When I was a kid, in another time, another place, my parents brought a record into our house called "Free To Be You And Me." Somewhat abruptly, it became a part of my record collection. I was ten years old. It was 1972. It was full of feel-good stories and songs about gender neutrality. This was the dawning, not of the Age of Aquarius, but the age of Aphrodite. This is when Ms. Magazine first hit the stands, and consequently a lot of other things hit the fan.
But not at our house. There was a pretty free and easy sense of how this whole women's lib thing was going to go down. The apocryphal tale told about my mother's awakening to feminism is when she uttered the immortal cry, "I'm going to get a subscription to Ms.

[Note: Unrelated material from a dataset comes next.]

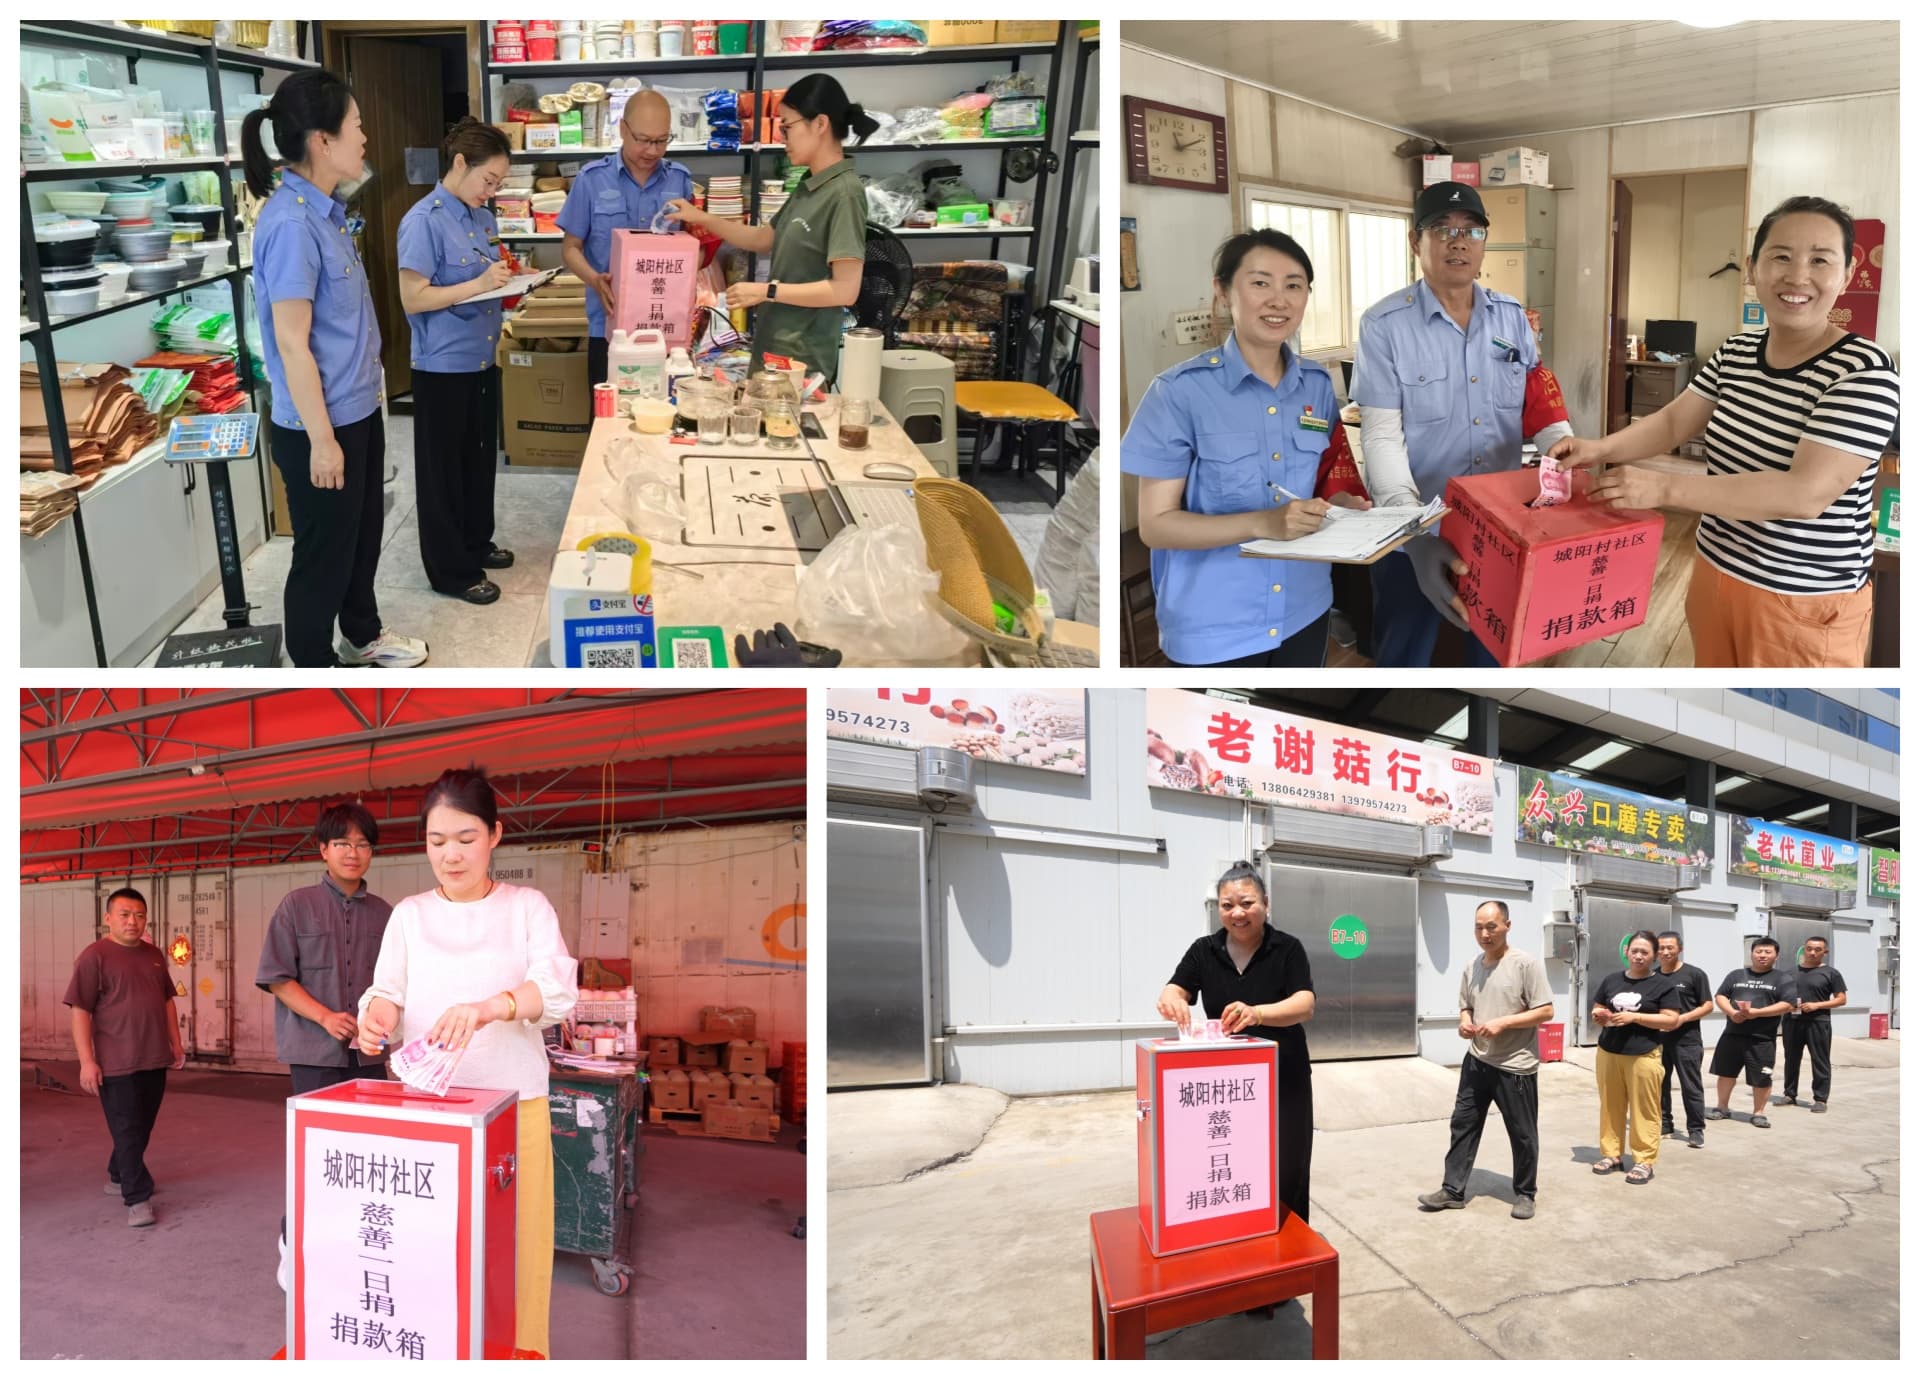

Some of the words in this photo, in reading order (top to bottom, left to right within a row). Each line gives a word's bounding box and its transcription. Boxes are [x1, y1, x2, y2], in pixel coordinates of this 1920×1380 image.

Magazine," and with a comic beat that will live forever in our family's legacy, "Can I?" In a household filled with male energy, my mother dealt with three sons, a husband and a male dachshund and their demands. We all agreed that this Women's Movement was a great thing and we were all in favor of it as long as there were still cookies in the cookie jar and dinner on the table.
Maybe that's a little simple, but like so much else about living in the liberal enclave that was Boulder, Colorado in the early seventies. As a fourth grader in that corner of the world, I was fertile ground for this new ideal: Boys and girls are equal. We would grow up in a world where there would not be dividing lines between the games boys and girls played or the toys with which they played. Free to be you and me. To wit we ended up with sensitive guy and feminist hero Alan Alda singing a song, "William Wants A Doll." No less a persona than Hawkeye Pierce was telling me that it was okay for me, a boy, to want a doll. I wouldn't be a sissy if I did. And someday, when I became a dad, I would be a better man for the experience.

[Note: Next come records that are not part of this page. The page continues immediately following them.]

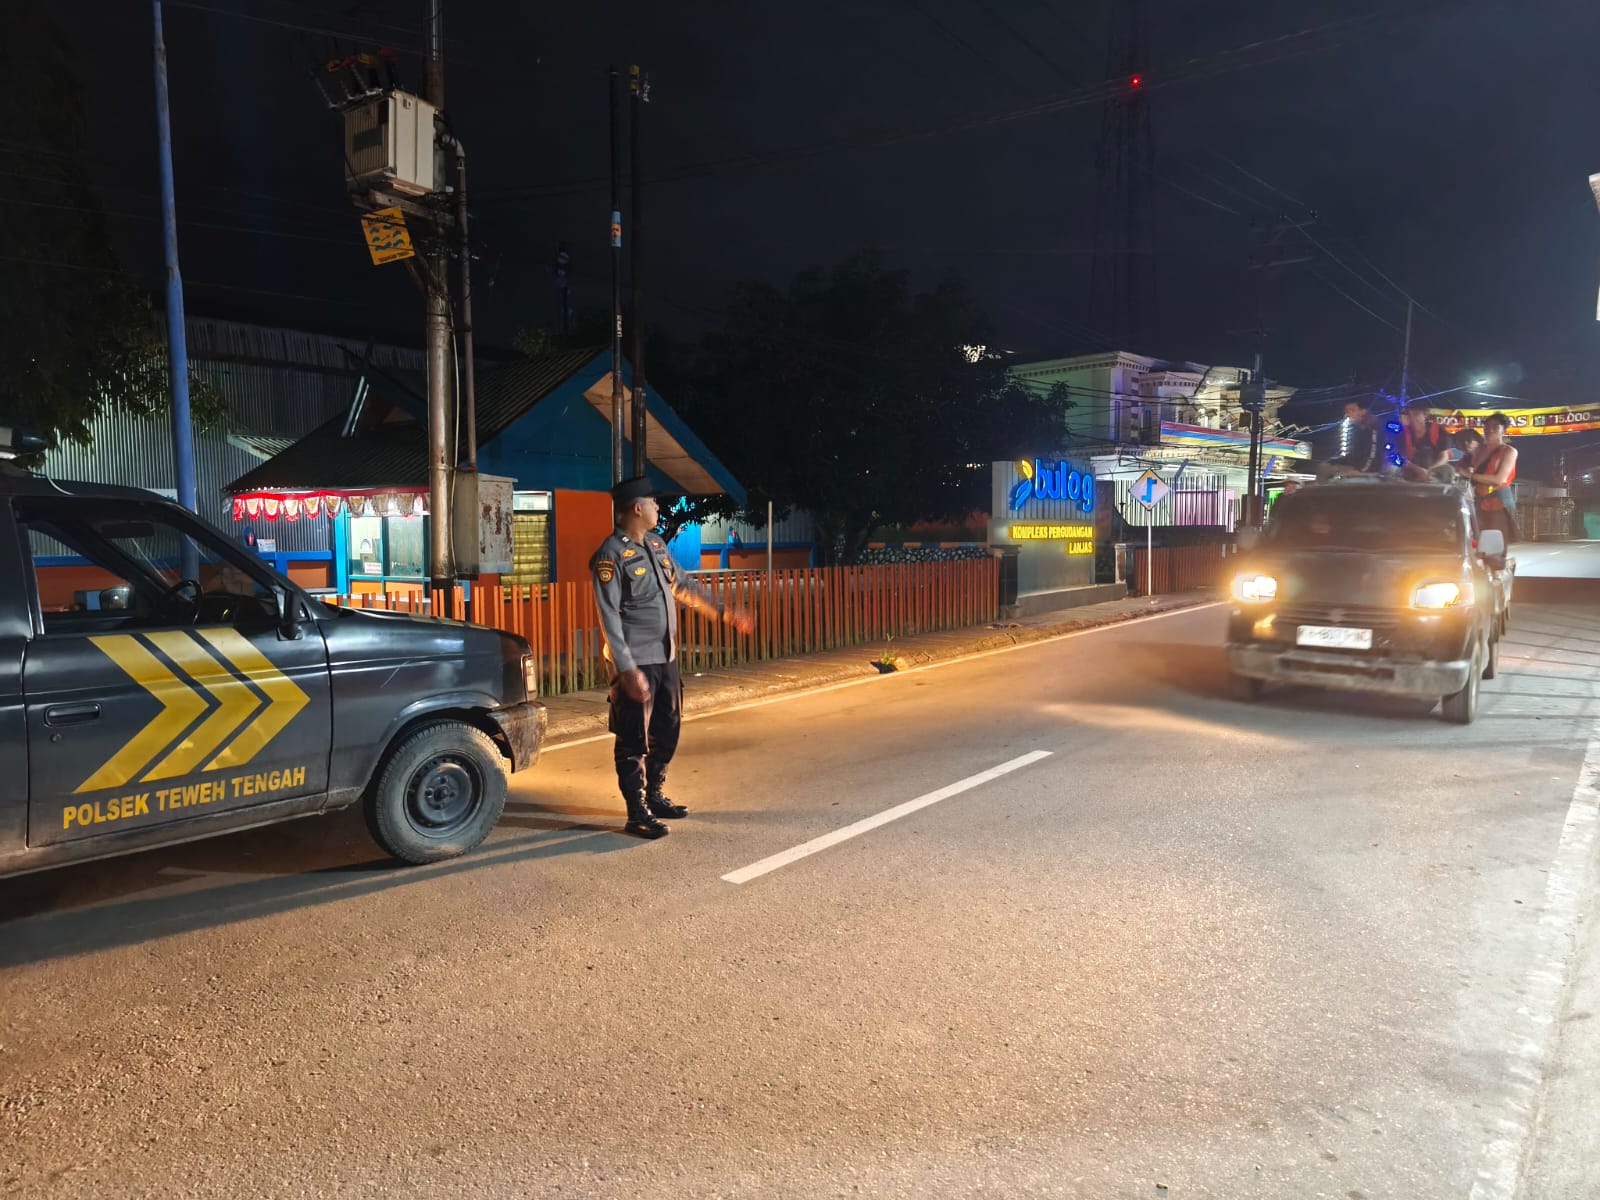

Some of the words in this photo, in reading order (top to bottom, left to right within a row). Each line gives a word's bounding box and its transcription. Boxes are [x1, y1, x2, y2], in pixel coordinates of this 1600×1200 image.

[1035, 459, 1094, 512] bulog
[1012, 525, 1048, 539] KOMPLEKS
[1048, 526, 1093, 538] PERGUDANGAN
[1068, 541, 1093, 554] LANJAS
[63, 792, 150, 829] POLSEK
[156, 782, 225, 812] TEWEH
[231, 766, 306, 797] TENGAH

Well, as it turns out, I had some dolls. Only they were action figures: GI Joe, Captain Action, Major Matt Mason. None of my dolls needed to be fed or have their diapers changed, but I was assured that if I chose to have one of those kind of dolls that ate and wet and so on that Alan and his good friend Marlo Thomas would back me up.

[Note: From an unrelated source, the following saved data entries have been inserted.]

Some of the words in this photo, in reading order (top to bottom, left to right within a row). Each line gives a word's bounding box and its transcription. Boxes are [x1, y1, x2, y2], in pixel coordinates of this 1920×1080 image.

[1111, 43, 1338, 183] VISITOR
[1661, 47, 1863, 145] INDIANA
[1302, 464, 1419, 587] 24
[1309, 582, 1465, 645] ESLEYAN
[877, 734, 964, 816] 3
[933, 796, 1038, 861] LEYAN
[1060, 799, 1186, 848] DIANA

I never did get one, but now that it is 2015, I am pleased and happy to report that Target stores have finally caught up to Mr. Alda and Ms. Thomas. They are "moving away" from making gender assignments to products in their home, toy and entertainment sections. Pink sheets, blue sheets? Doesn't matter. For Target, they are just "for kids." At this same moment in time, my wife has been interested in getting herself a Black Widow action figure. They are not easy to find. What's a girl or boy to do?